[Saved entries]
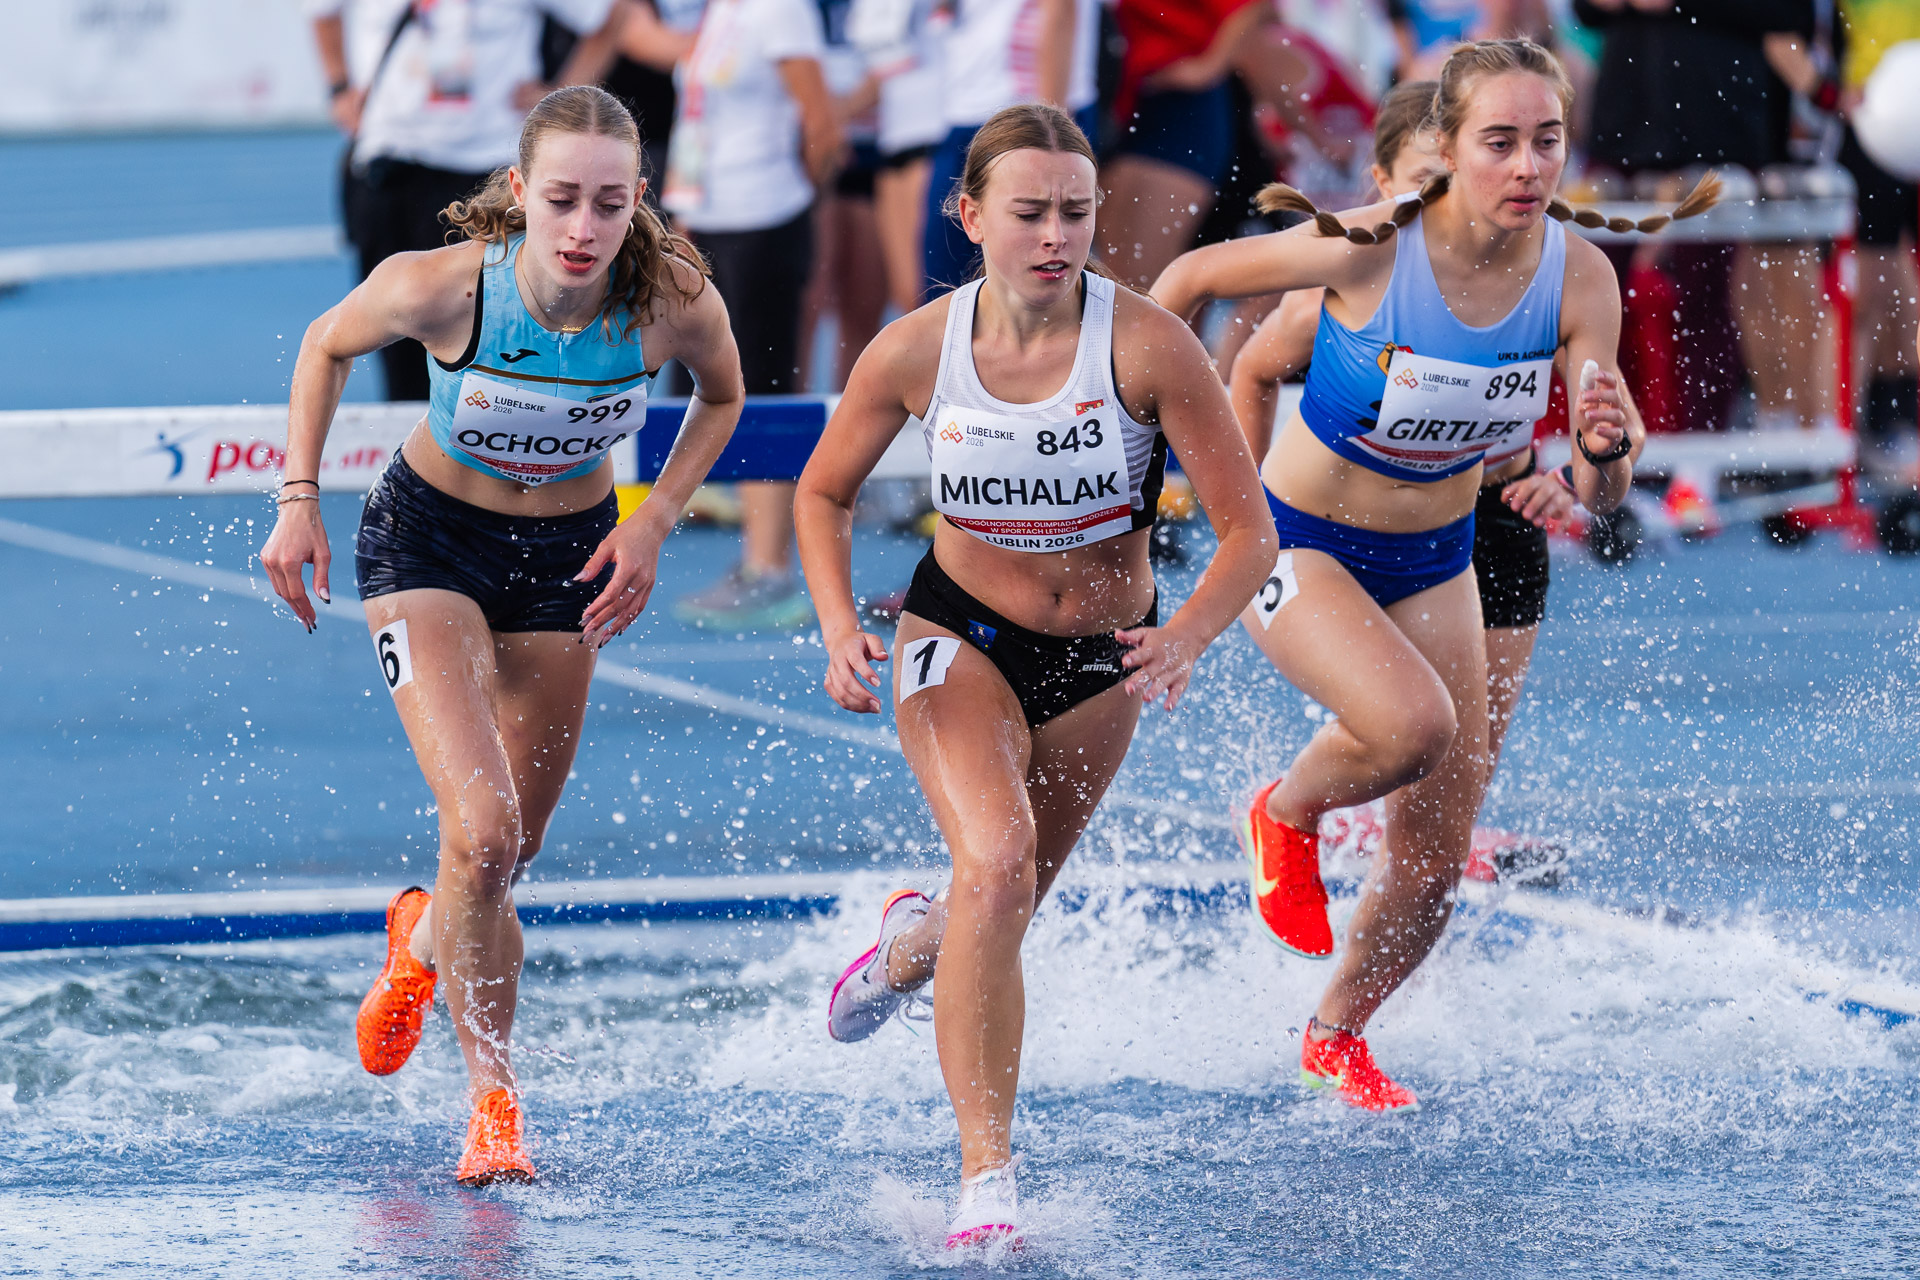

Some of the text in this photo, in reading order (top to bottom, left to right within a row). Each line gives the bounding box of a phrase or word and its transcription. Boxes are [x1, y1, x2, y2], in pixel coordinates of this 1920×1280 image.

[1497, 351, 1519, 361] UKS
[1420, 382, 1439, 393] 2026
[1422, 371, 1471, 388] LUBELSKIE
[1484, 369, 1537, 401] 894
[492, 404, 513, 415] 2026
[494, 395, 547, 413] LUBELSKIE
[567, 398, 632, 424] 999
[966, 424, 1015, 441] LUBELSKIE
[1036, 418, 1104, 456] 843
[965, 436, 985, 448] 2026
[1386, 457, 1435, 470] LUBLIN
[940, 470, 1120, 506] MICHALAK
[967, 520, 1032, 528] OGÓLNOPOLSKA
[1033, 520, 1078, 528] OLIMPIADA
[1000, 527, 1044, 535] SPORTACH
[1045, 526, 1078, 535] LETNICH
[985, 533, 1085, 549] LUBLIN 2026
[378, 632, 400, 688] 6
[912, 639, 939, 686] 1
[1082, 662, 1114, 672] erima
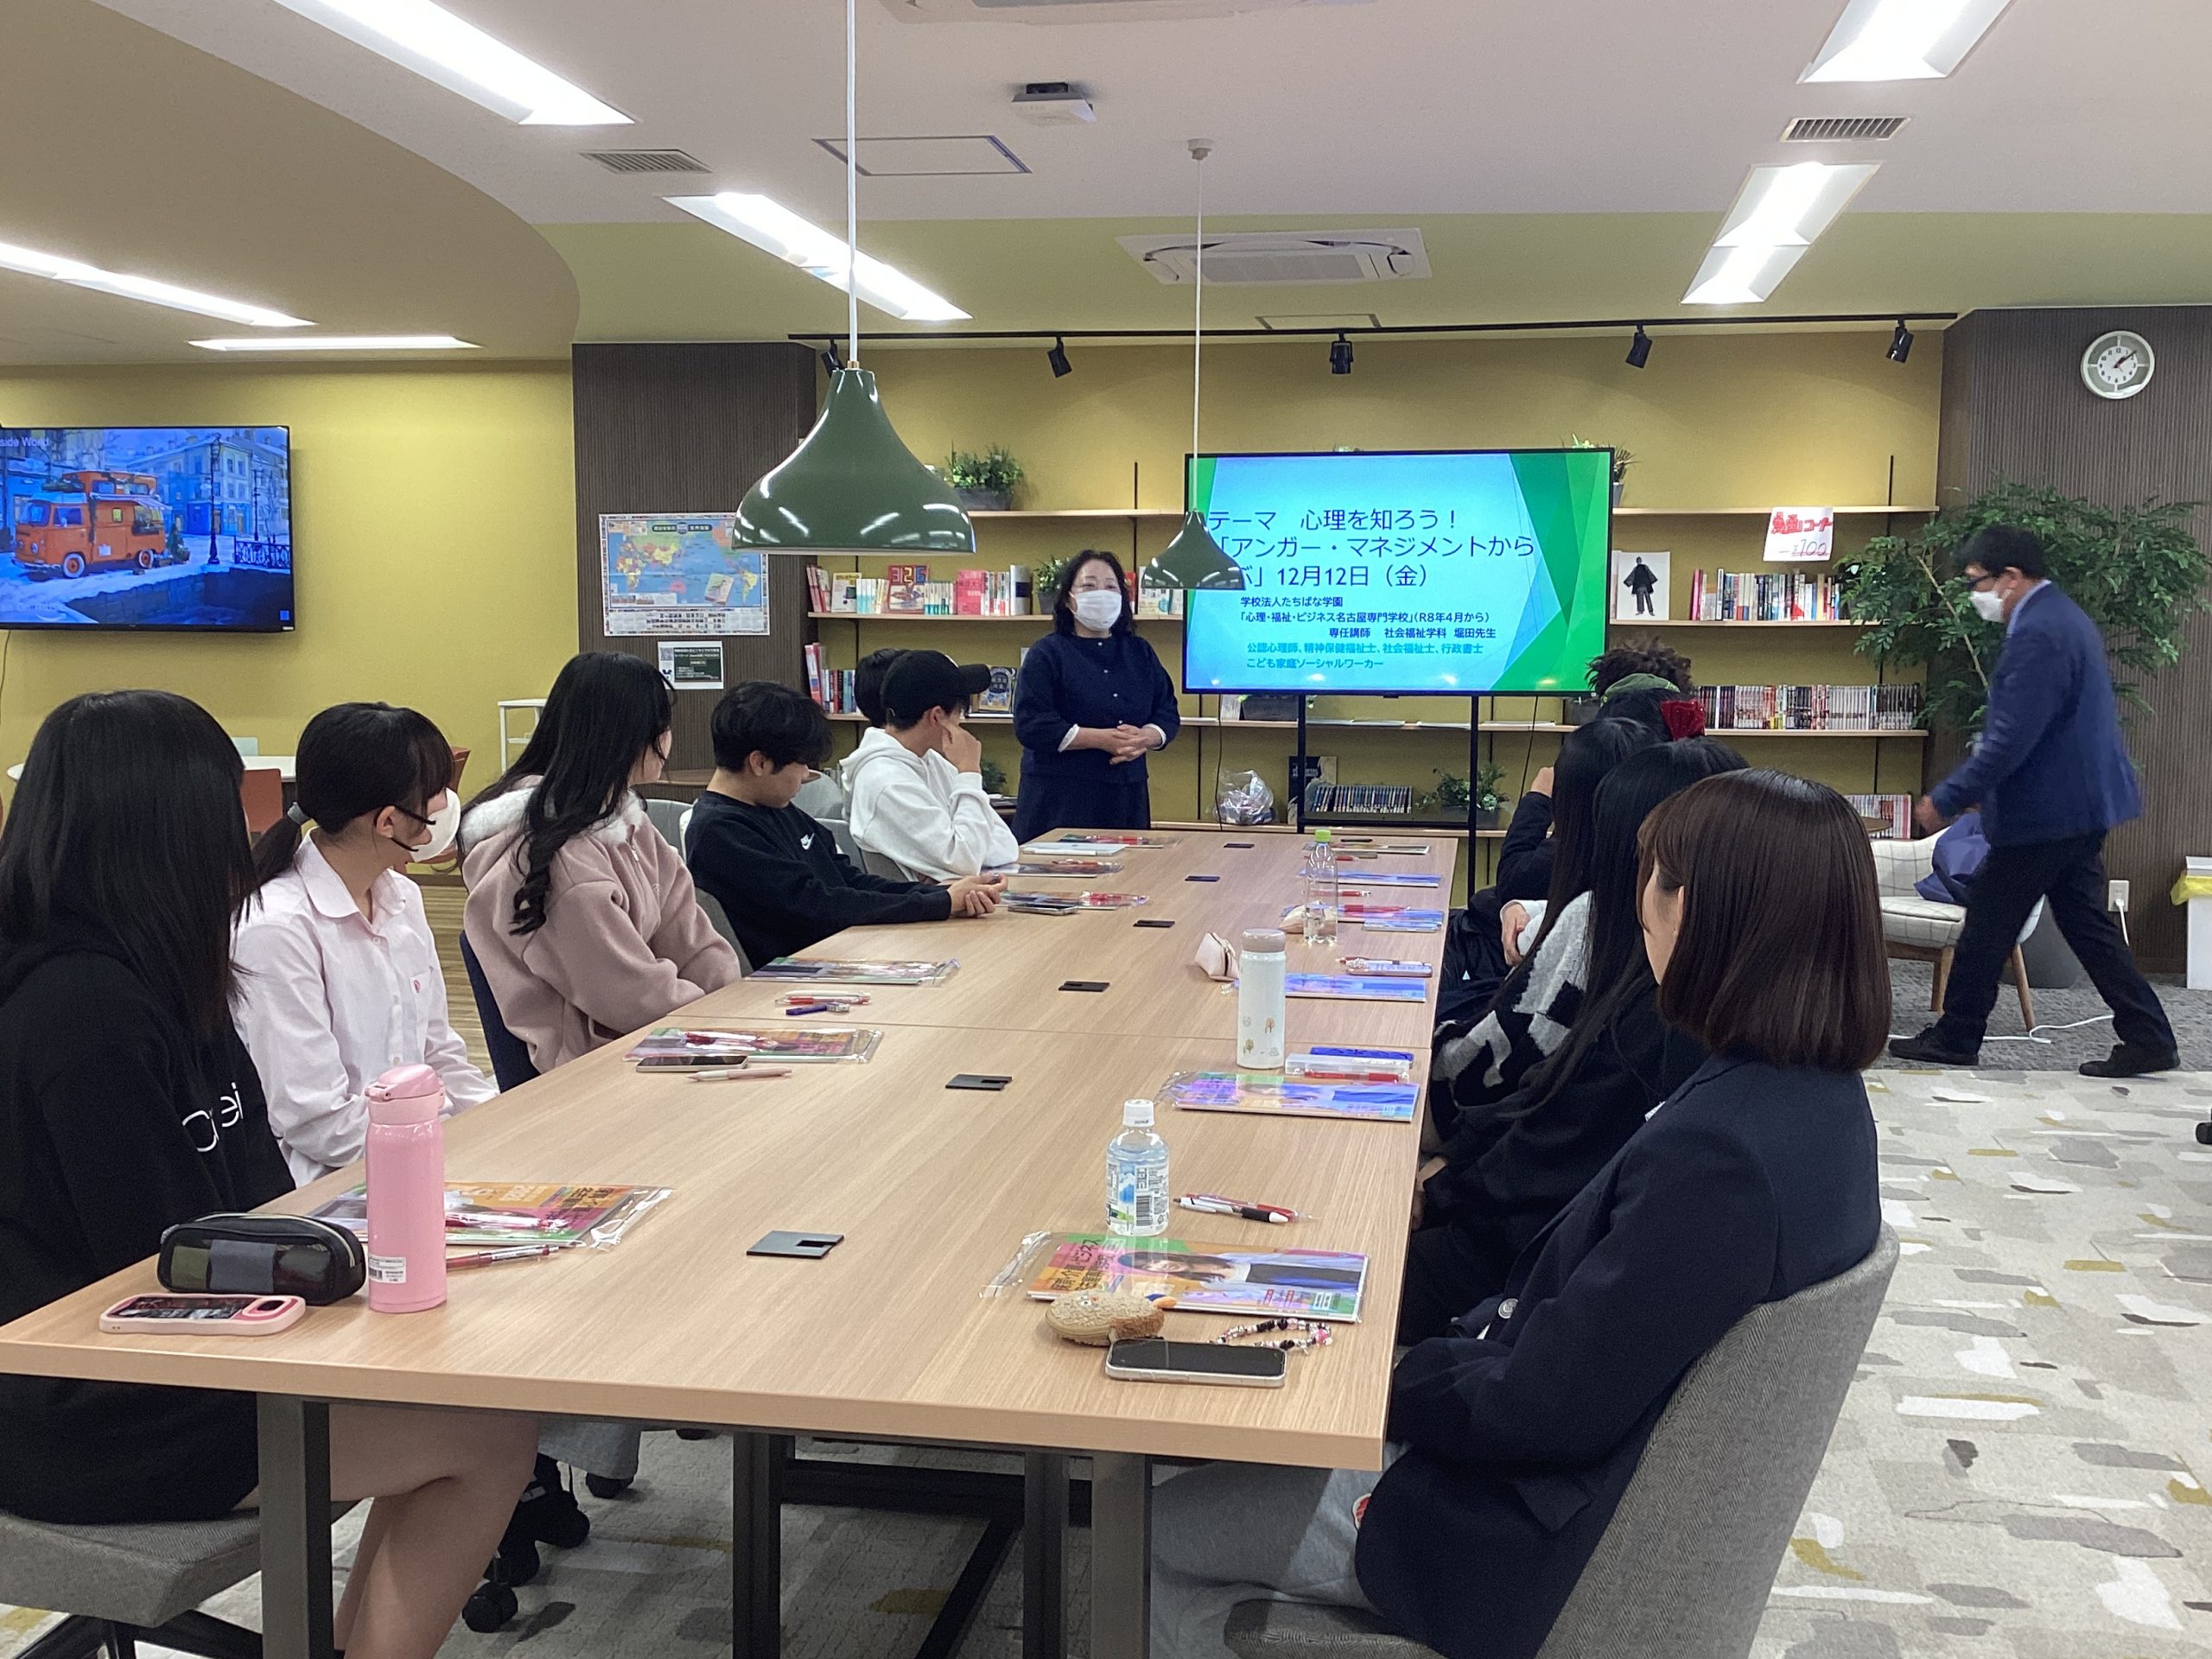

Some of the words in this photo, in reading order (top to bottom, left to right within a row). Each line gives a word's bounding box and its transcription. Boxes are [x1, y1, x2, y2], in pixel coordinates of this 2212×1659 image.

[1209, 511, 1277, 531] テーマ
[1300, 508, 1455, 531] 心理を知ろう！
[1240, 596, 1343, 607] 学校法人たちばな学園
[1329, 627, 1371, 639] 専任講師
[1384, 627, 1447, 639] 社会福祉学科
[1247, 658, 1384, 669] こども家庭ソーシャルワーカー

What the task asks: The line containing "Some of the words" opens the range, and the last line of the entries closes it; copy that range exactly.

The completed task:
Some of the words in this photo, in reading order (top to bottom, left to right within a row). Each line gives a word's bounding box and its transcription. Boxes are [x1, y1, x2, y2], in pixel coordinates of this 2212×1659 image.

[1209, 511, 1277, 531] テーマ
[1300, 508, 1455, 531] 心理を知ろう！
[1240, 596, 1343, 607] 学校法人たちばな学園
[1329, 627, 1371, 639] 専任講師
[1384, 627, 1447, 639] 社会福祉学科
[1247, 658, 1384, 669] こども家庭ソーシャルワーカー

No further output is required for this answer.